I thought the military had agreed to not activate SA because of too many critical uses of GPS. Still, knowing how to use the needles is really valuable. 





Thor said:


> And then the military imposes a GPS outage for some kind of exercise or test. Now you're back to green needles and analog nav. Or the GPS doesn't have RAIM at your destination, so you can't use it for the non-precision approach. Now you're flying an approach on green needles. Or the FMS craps out and you spend the day flying green needles. Maybe even green needles with no autopilot, below RVSM airspace, with a CATII approach at the end. BTDT. Or a green needles LOC Backcourse approach into Reno, NV. Quick, do you dial in the front course or the back course into the display?
> 
> We used to fly into a few places with only an NDB approach, like Sun Valley and others. I'd get new pilots (I was a training captain) out on the line who had never ever in their life flown an NDB approach because they'd never flown an airplane with an ADF! And here we are flying an approach in the snow into a mountain airport.
> 
> I look at is as being akin to electronic calculators. They're handy and very helpful as long as the battery works. But if the battery fails, one is dead in the water if they don't know how to do math using pencil and paper.


----------



## Thor (Oct 31, 2011)

richardsharpe said:


> Good evening
> nothing like getting a DME arc for real for the first time in years, shooting an approach to minimums to get your heart going....
> 
> I thought the military had agreed to not activate SA because of too many critical uses of GPS. Still, knowing how to use the needles is really valuable.
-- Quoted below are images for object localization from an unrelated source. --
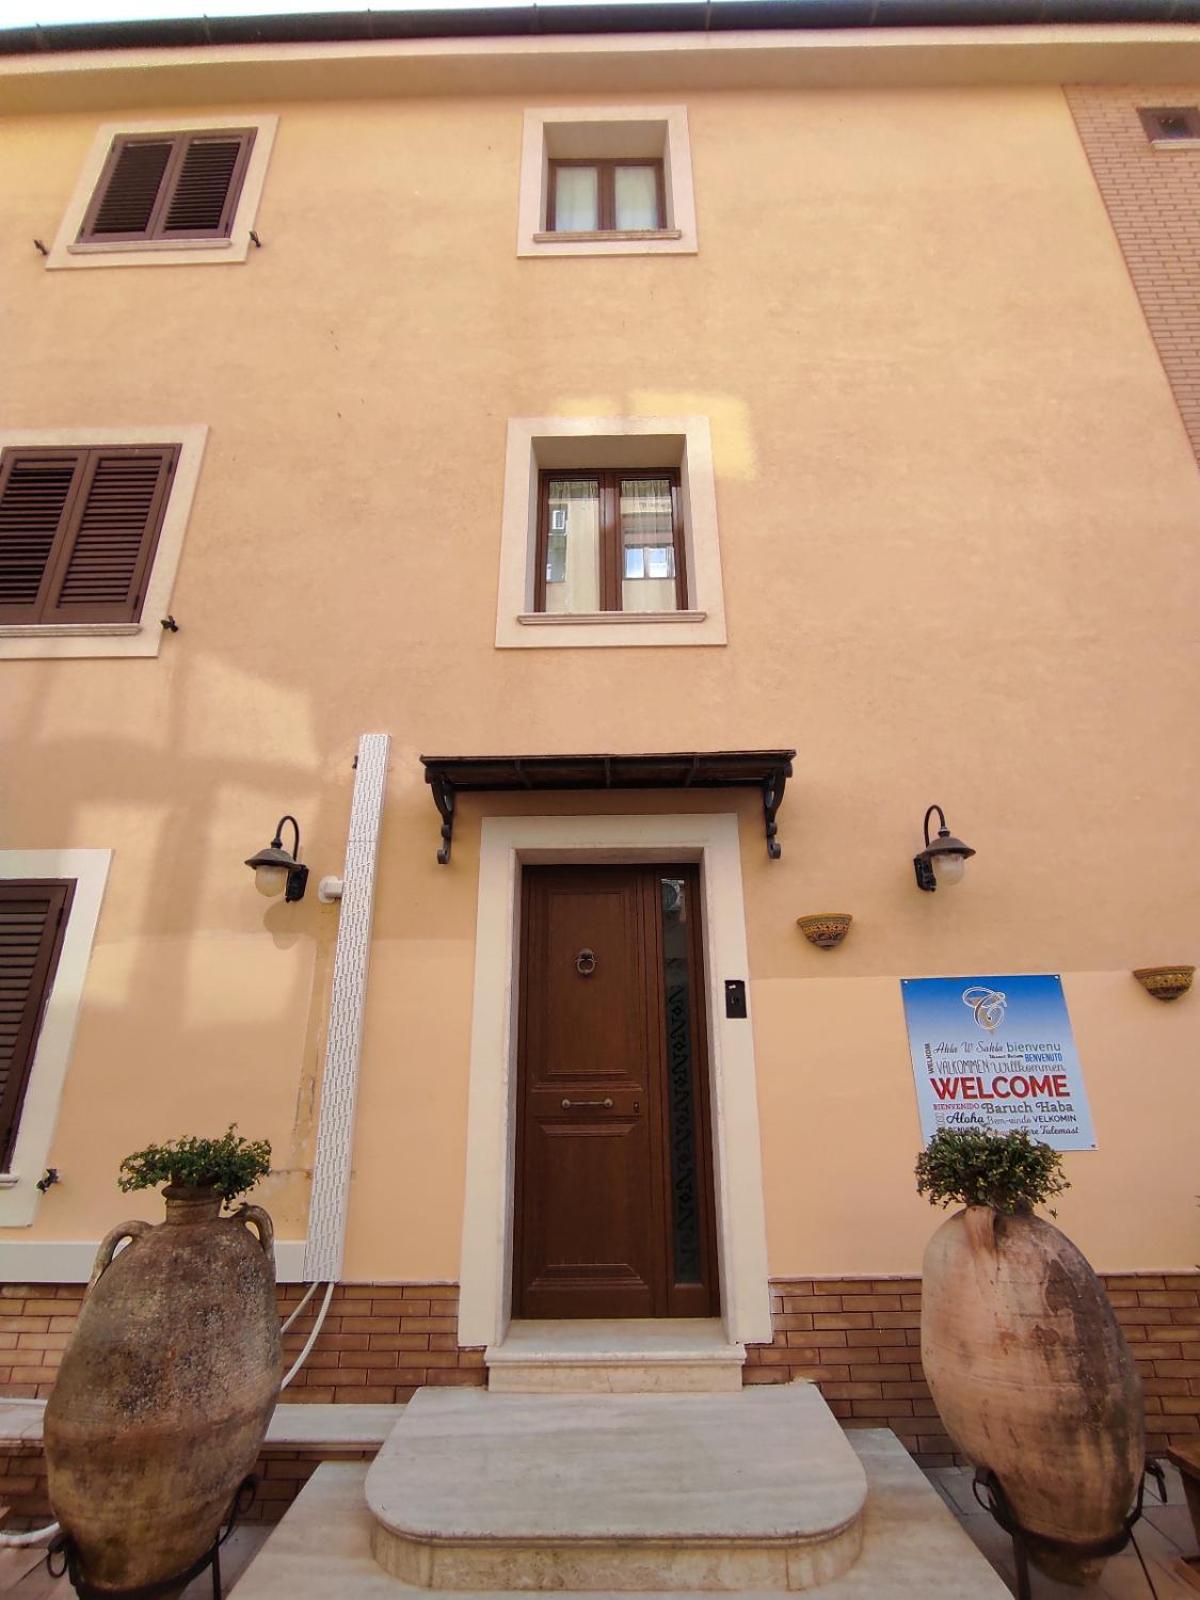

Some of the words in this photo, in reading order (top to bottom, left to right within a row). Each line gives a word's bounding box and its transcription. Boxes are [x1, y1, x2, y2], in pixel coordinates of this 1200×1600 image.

[1006, 1042, 1061, 1052] bienvenu
[1024, 1053, 1063, 1062] BENVENUTO
[929, 1075, 1070, 1100] WELCOME
[981, 1101, 1033, 1114] Baruch
[1035, 1101, 1074, 1113] Haba
[946, 1112, 984, 1124] Aloha
[1032, 1115, 1077, 1123] VELKOMIN
Before GPS was allowed in our airliners (FAA was worried we would be less safe with GPS than raw data...) we flew a lot of DME arcs, NDB approaches, and all kinds of odd procedures. At the speeds we fly it is a whole different thing than in a piston powered airplane. There's no time for the usual cross checks and corrections. But it works.

We've had a few GPS outages in the west here. Dugway seems to be involved at times, as are some of the Nevada ranges. It's been maybe 18 months or so since the last time I had to deal with one.


----------



## richardsharpe (Jul 8, 2014)

Good evening
Do airliners have inav? Is the fall back with no GPS old VORs etc?
Do they have glonass receivers yet




Thor said:


> Before GPS was allowed in our airliners (FAA was worried we would be less safe with GPS than raw data...) we flew a lot of DME arcs, NDB approaches, and all kinds of odd procedures. At the speeds we fly it is a whole different thing than in a piston powered airplane. There's no time for the usual cross checks and corrections. But it works.
> 
> We've had a few GPS outages in the west here. Dugway seems to be involved at times, as are some of the Nevada ranges. It's been maybe 18 months or so since the last time I had to deal with one.


----------



## Thor (Oct 31, 2011)

richardsharpe said:


> Good evening
> Do airliners have inav? Is the fall back with no GPS old VORs etc?
> Do they have glonass receivers yet


Our FMS utilizes VOR, DME, and GPS. There are a few inertial nav airplanes in the fleet, which provide data to the FMS. Under normal operations we don't know what each input is saying because the FMS just generates the moving map display and drives the white needles for nav. The box auto-tunes the VORs and DMEs and constantly is checking position from every navaid it can find. If there is a discrepancy or failure we get notified, and can manually disable a nav input if the system doesn't do it for us.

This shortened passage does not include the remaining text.